Take every record and write it out again exactly, with no images included.

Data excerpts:

┌──

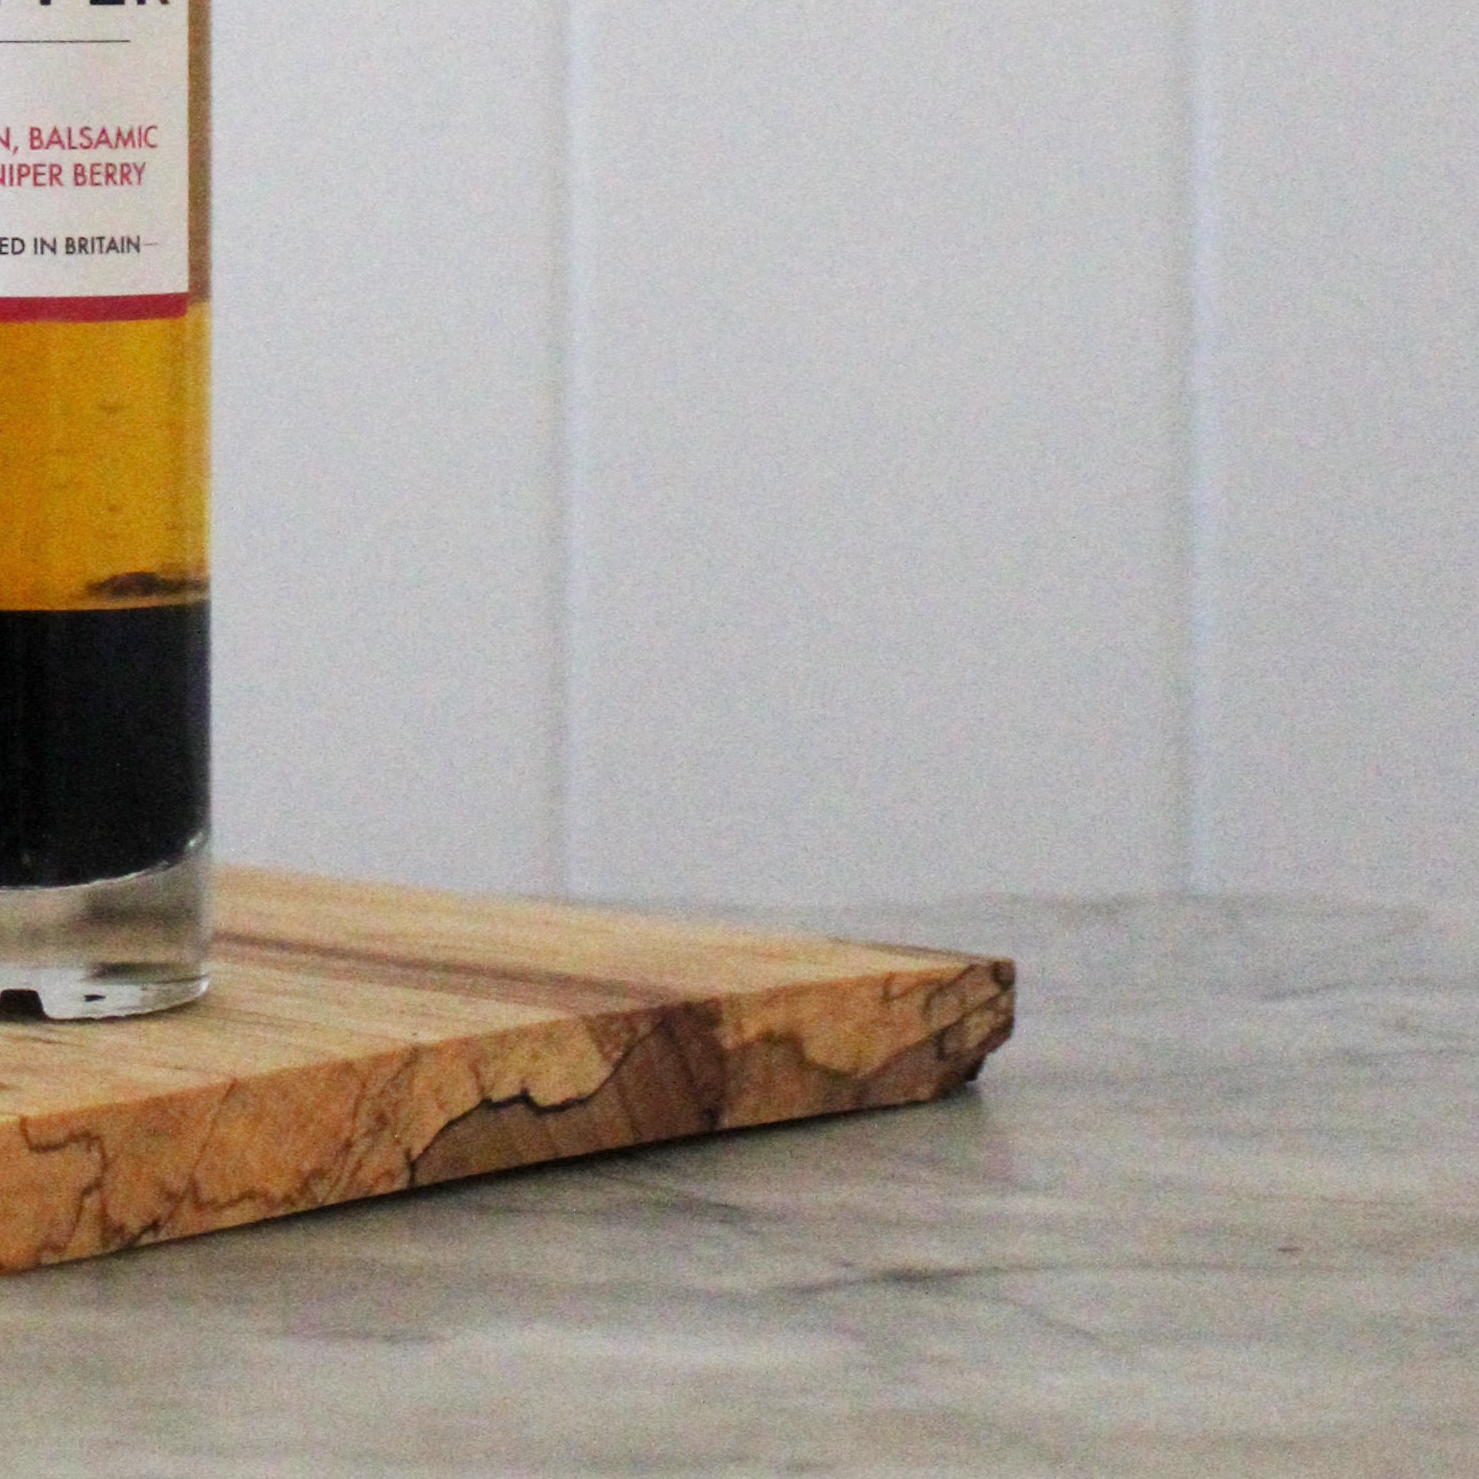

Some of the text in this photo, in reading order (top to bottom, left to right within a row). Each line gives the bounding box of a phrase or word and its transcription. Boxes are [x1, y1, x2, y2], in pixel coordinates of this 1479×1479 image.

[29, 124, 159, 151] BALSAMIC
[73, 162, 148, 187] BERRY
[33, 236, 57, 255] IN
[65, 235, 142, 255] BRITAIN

└──

# Output
Some of the text in this photo, in reading order (top to bottom, left to right within a row). Each line gives the bounding box of a phrase or word and its transcription. Boxes are [x1, y1, x2, y2], in pixel coordinates of this 1479×1479 image.

[29, 124, 159, 151] BALSAMIC
[73, 162, 148, 187] BERRY
[33, 236, 57, 255] IN
[65, 235, 142, 255] BRITAIN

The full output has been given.